C'est sur les conseils de Simone de Beauvoir que Violette Leduc va parcourir le sud de la France, sac au dos, le Puy, Albi, Cordes (« Il y a à Cordes, entre les vieux habitants et les ruines, des barbelés qui sont les barbelés du respect. »), Marseille… A pied, en train ou micheline, en stop, un parcours sans ligne bien définie, rien de rectiligne dans ce qu'elle en rapporte ici. Des repas frugaux (« sardines, tomates, vache qui rit, raisin, sur un banc ombragé… »). Des rencontres bien entendu, mais vraiment très particulières voire mystérieuses (comme ces deux femmes à Albi, une vieille et l'autre avec son parapluie !).
Récit, journal de voyage, un peu des deux ou bien quelque chose de tout à fait différent plus sûrement car ne s'adressant pas aux randonneurs potentiels, l'un des éléments faisant la grande originalité de ce texte.

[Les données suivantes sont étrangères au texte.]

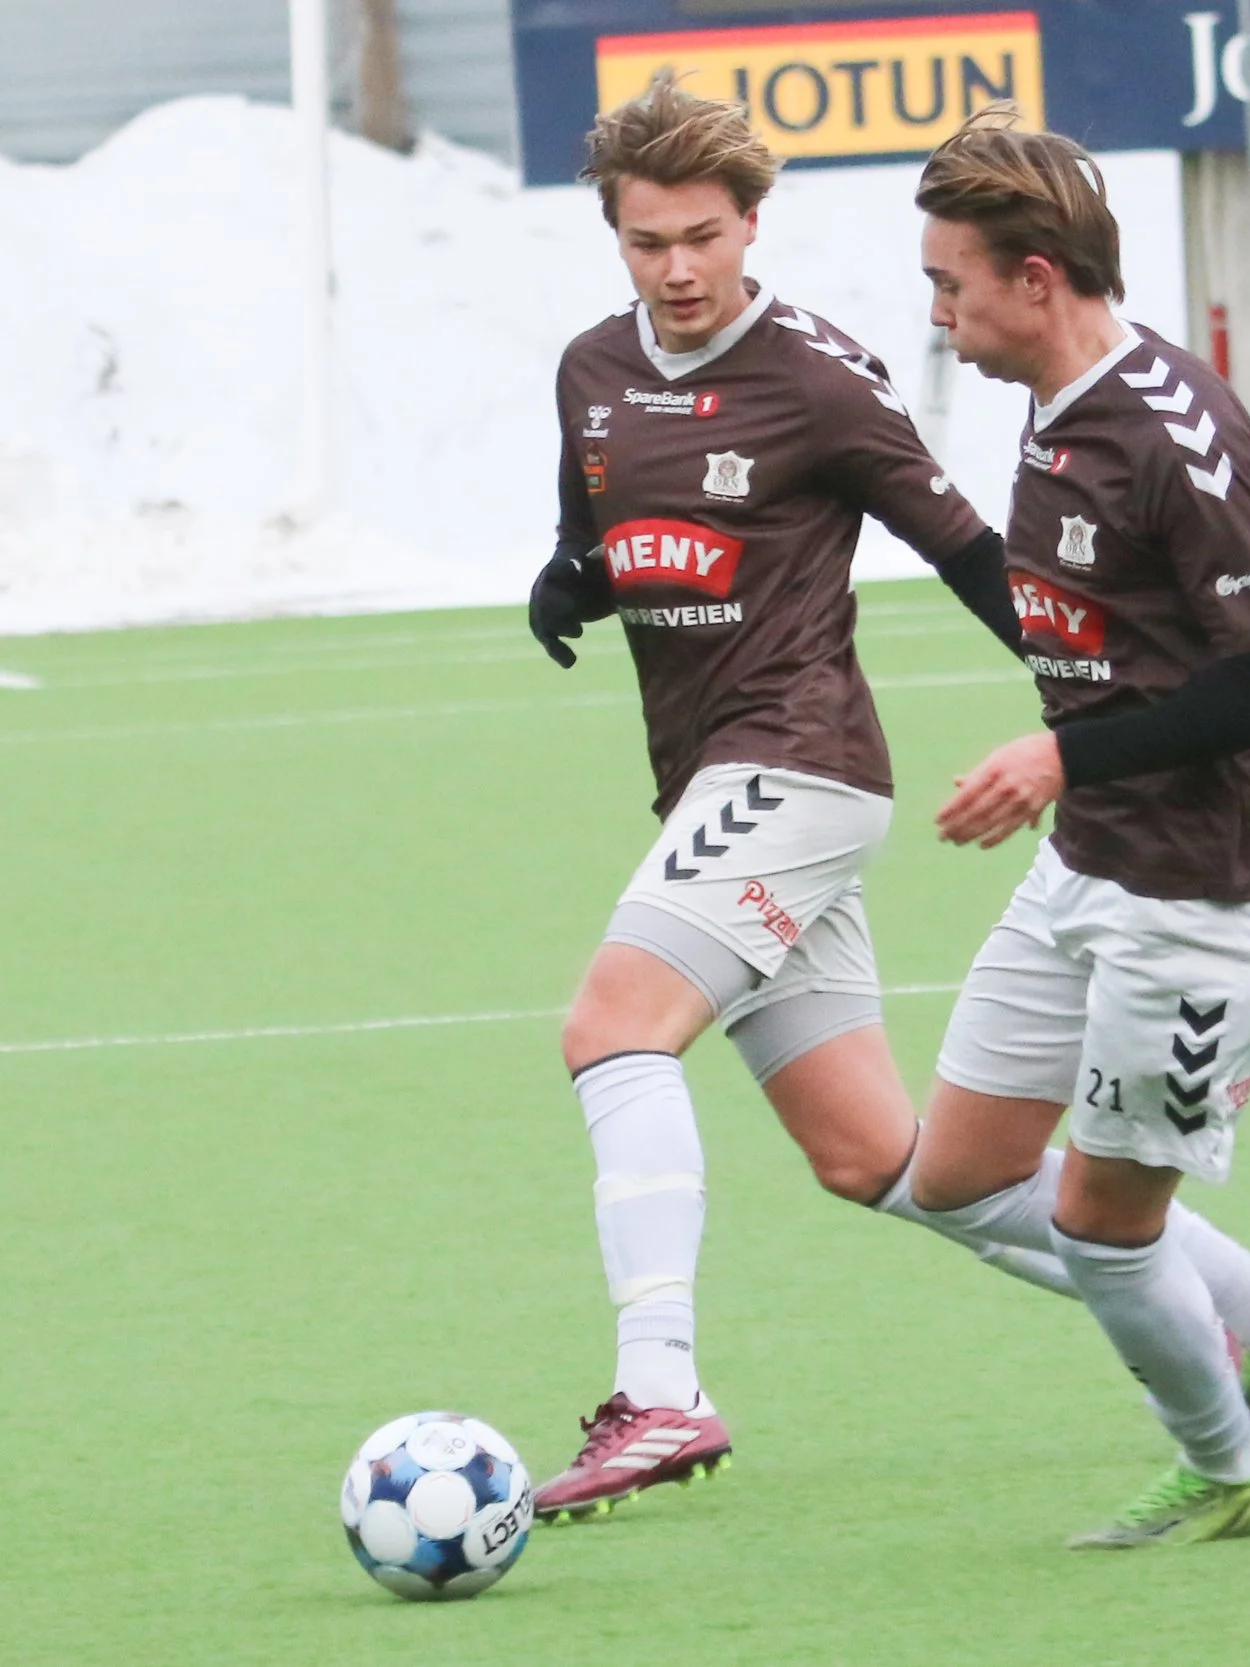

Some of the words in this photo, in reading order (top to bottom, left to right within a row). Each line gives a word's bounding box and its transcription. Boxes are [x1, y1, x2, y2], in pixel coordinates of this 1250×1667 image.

Disons les choses clairement tout de suite, ce bouquin n'est pas facile à lire. Même pour moi qui aime beaucoup cette écrivaine, j'ai beaucoup peiné à le terminer. le style est au-dessus de tout soupçon, magistral, la preuve d'une grande écrivaine, mais c'est aussi sa faiblesse car il en rend la lecture complexe pour un lecteur lambda ; je crois que c'est ce que l'on qualifie de livre pour écrivains.
Sous couvert de voyage, le texte est une longue lettre d'amour à destination de Simone de Beauvoir, jamais nommée mais appelée « Madame ». Amour et découverte des régions visitées se rejoignant dans une sorte d'extase quasi mystique (« Moi religieuse dès qu'il s'agit de vous, j'ai frôlé avec mes lèvres l'épiderme ardent de la cathédrale. »).

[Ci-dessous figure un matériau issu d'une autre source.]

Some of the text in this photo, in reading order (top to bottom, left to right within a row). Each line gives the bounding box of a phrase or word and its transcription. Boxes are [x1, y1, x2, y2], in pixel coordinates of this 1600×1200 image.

Un livre où l'esprit tourmenté (euphémisme) de l'écrivaine est particulièrement évident, toujours très sévère avec ceux qu'elles croisent ou carrément raides quand elle évoque ses parents (« Mon père dont je me désintéresse, qui n'a été pour moi qu'un jet de sperme (…), [ma mère] je ne l'accable pas. Elle a été plus qu'humiliée : un cas. »).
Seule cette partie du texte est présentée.